YOUR TASK: Write every entry out again with no changes, and leave the images behind.

** Opening DATASET EXTRACT block **

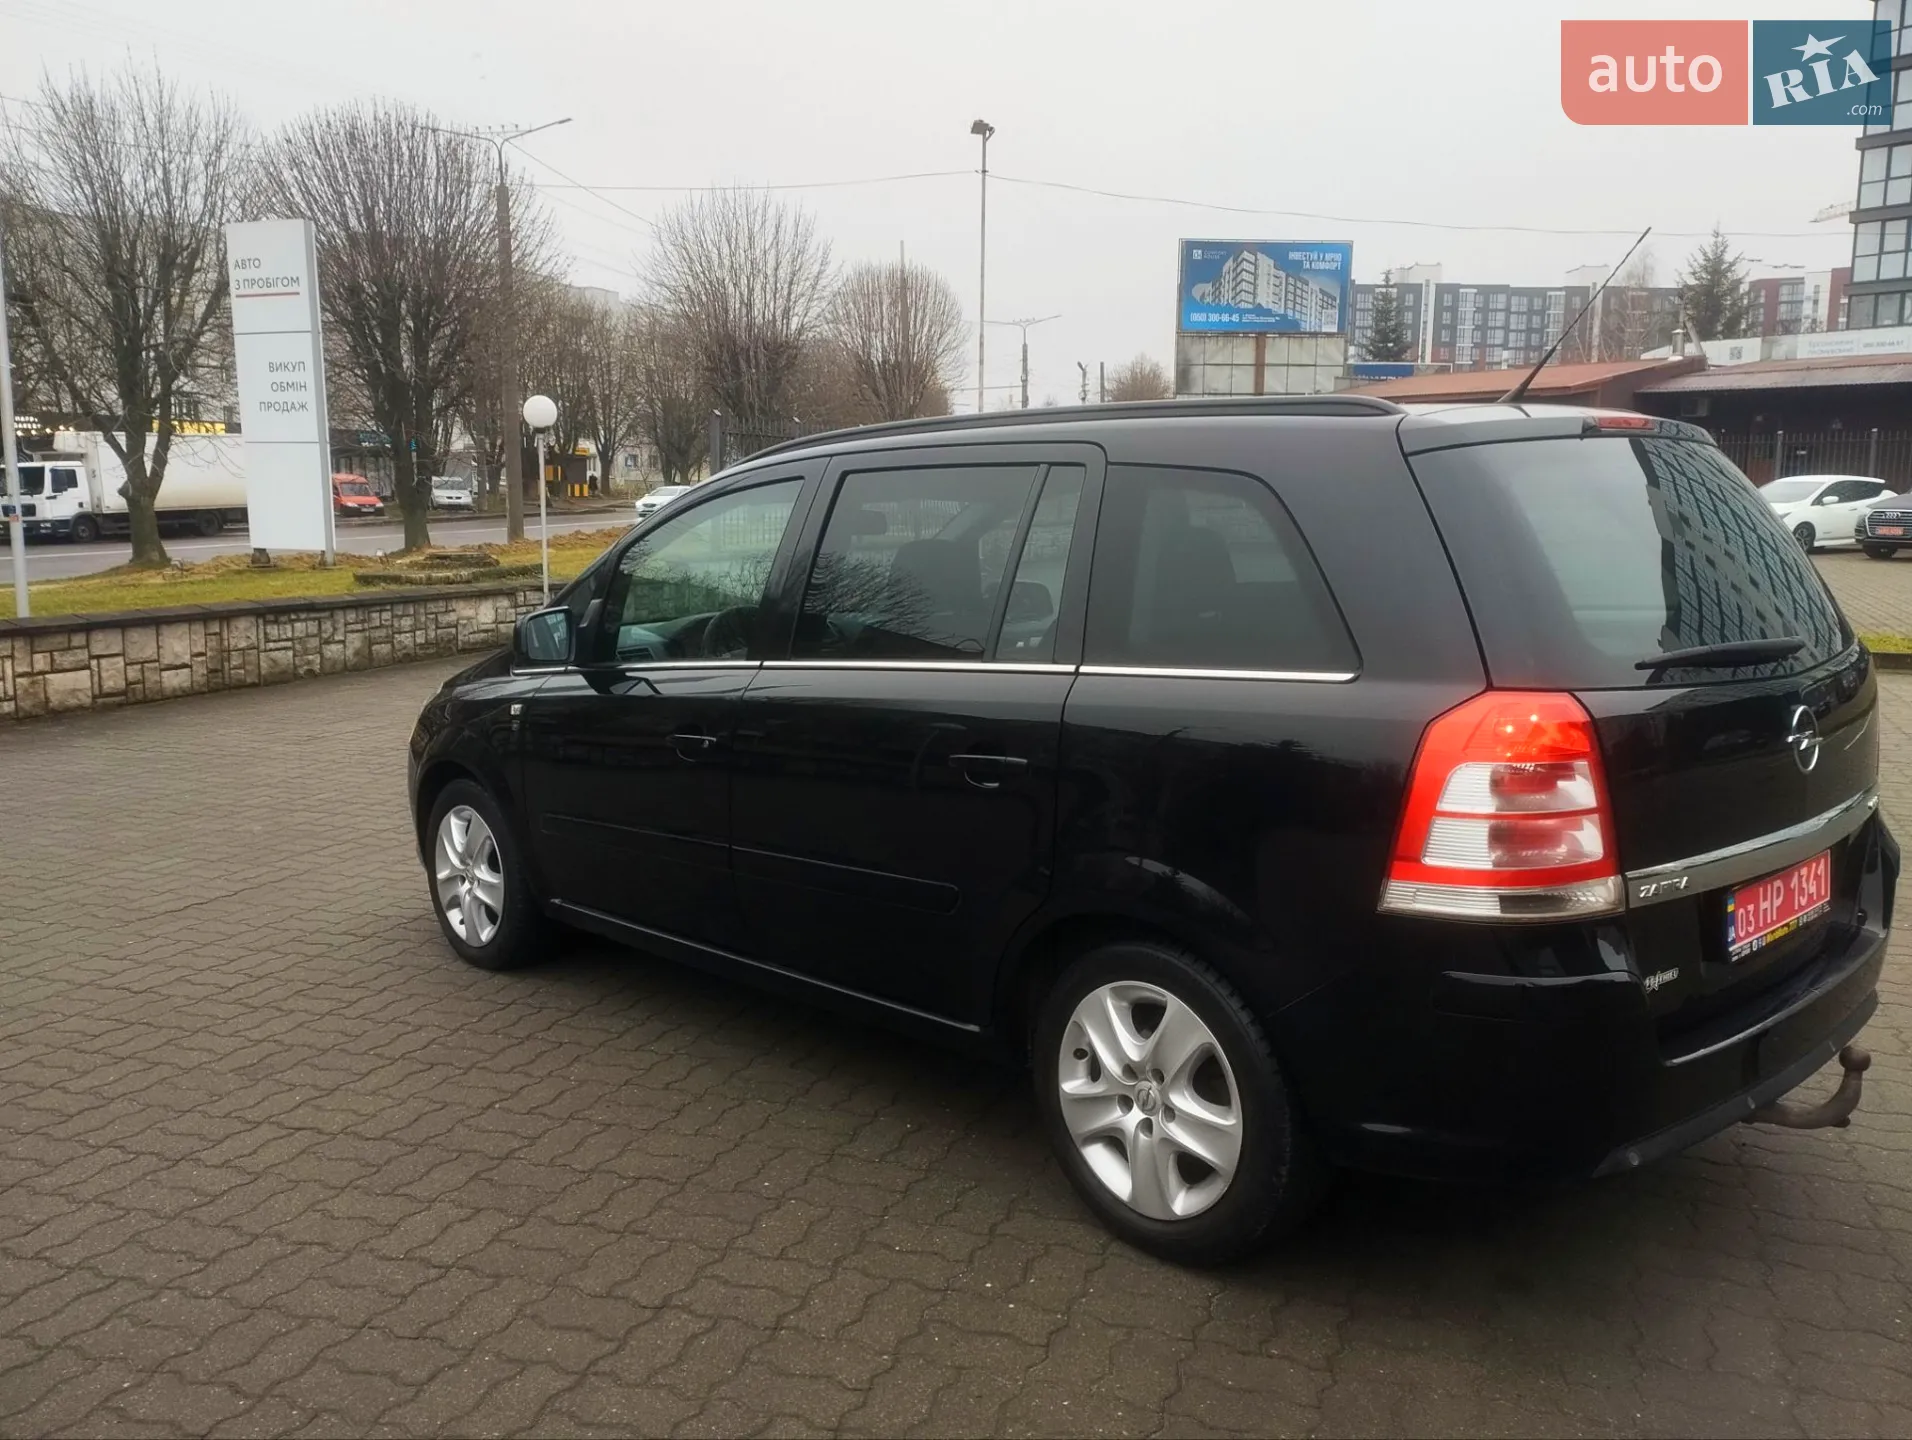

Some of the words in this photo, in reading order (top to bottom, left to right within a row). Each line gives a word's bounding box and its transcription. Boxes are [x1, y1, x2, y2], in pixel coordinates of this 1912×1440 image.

[234, 257, 262, 270] АВТО
[234, 279, 241, 290] З
[243, 276, 301, 290] ПРОБІГОМ
[268, 361, 306, 373] ВИКУП
[270, 381, 307, 392] ОБМІН
[259, 401, 309, 414] ПРОДАЖ
[1738, 903, 1756, 938] 03
[1759, 879, 1785, 928] HP
[1790, 858, 1826, 911] 1341

** Closing DATASET EXTRACT block **

REPLY TO THE TASK:
Some of the words in this photo, in reading order (top to bottom, left to right within a row). Each line gives a word's bounding box and its transcription. Boxes are [x1, y1, x2, y2], in pixel coordinates of this 1912×1440 image.

[234, 257, 262, 270] АВТО
[234, 279, 241, 290] З
[243, 276, 301, 290] ПРОБІГОМ
[268, 361, 306, 373] ВИКУП
[270, 381, 307, 392] ОБМІН
[259, 401, 309, 414] ПРОДАЖ
[1738, 903, 1756, 938] 03
[1759, 879, 1785, 928] HP
[1790, 858, 1826, 911] 1341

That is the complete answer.